VXC is designed to track the performance of the global stock market through the FTSE Global All Cap ex Canada China A Inclusion Index.

It owns thousands of stocks in developed and emerging markets. That includes the United States, Europe, Japan, Australia and fast-growing economies such as India and Brazil.

The portfolio covers all 11 Global Industry Classification Standard sectors, including technology, healthcare, communications, consumer discretionary, utilities, financial services, energy, consumer staples, real estate, materials and industrials.

Because Canada is excluded, there is no overlap with typical Canadian core interests such as banks, pipelines, railways and telecom companies. The fund is market capitalization weighted, meaning larger, global companies have more influence.
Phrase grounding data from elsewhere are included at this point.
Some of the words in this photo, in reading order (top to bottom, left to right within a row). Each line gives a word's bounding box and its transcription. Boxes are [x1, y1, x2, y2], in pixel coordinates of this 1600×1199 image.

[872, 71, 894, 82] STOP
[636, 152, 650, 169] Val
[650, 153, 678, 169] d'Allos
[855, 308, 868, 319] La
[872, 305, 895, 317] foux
The management expense ratio for the global exposure is low, at around 0.22%, which is reasonable given the breadth of markets covered.

Why VXC?

Most Canadians are already overweight domestic stocks in their portfolios, especially dividend payers. Canada represents roughly 3% of the global stock market, yet it is common to see portfolios allocated 25%, 50% or even more to Canadian companies.

Add to that the labor income associated with the Canadian economy and perhaps a home as a major asset, and many investors are more concentrated than they realize. VXC solves that problem neatly.
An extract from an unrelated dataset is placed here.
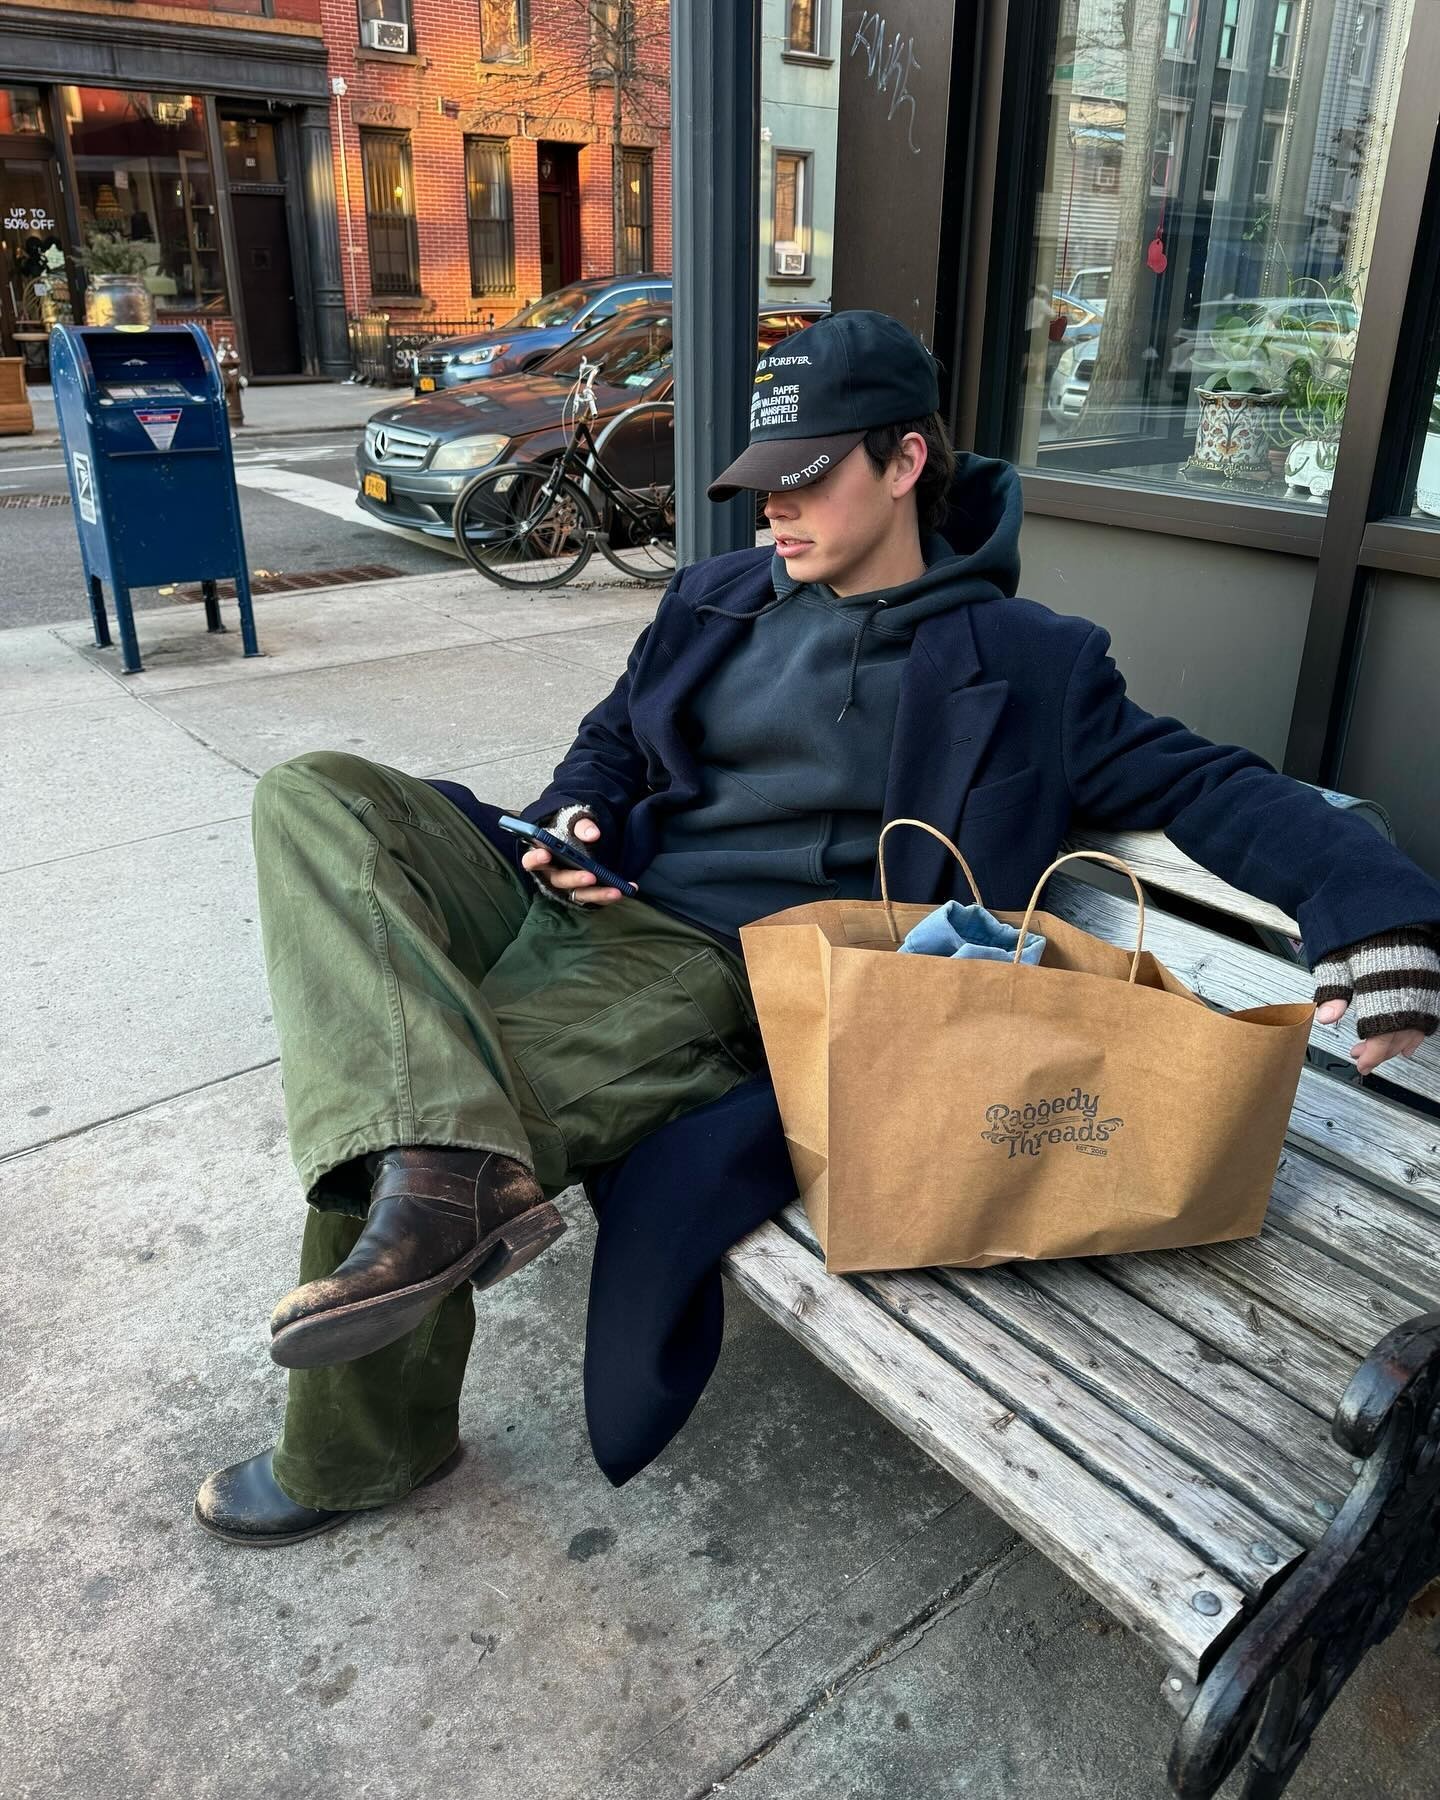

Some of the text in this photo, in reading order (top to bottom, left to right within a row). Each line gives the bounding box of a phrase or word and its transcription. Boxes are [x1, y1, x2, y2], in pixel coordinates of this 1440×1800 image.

It offers no overlap with Canadian stocks, allowing you to dial in your desired domestic allocation separately. You can continue stock picking in Canada if you enjoy it. But VXC acts as a diversified global base underneath it all.

It also reduces the risk of a country’s economic cycle dictating your long-term results. If Canada lags while the US or emerging markets outperform, you’re in. If American technology slows while European industry recovers, you are still vulnerable.

If I had to pick one index fund to hold through market cycles, sector rotations, and geopolitical shifts, it would be a globally diversified fund like VXC, not because it will always outperform, but because it is built to survive almost anything if you hold it long enough.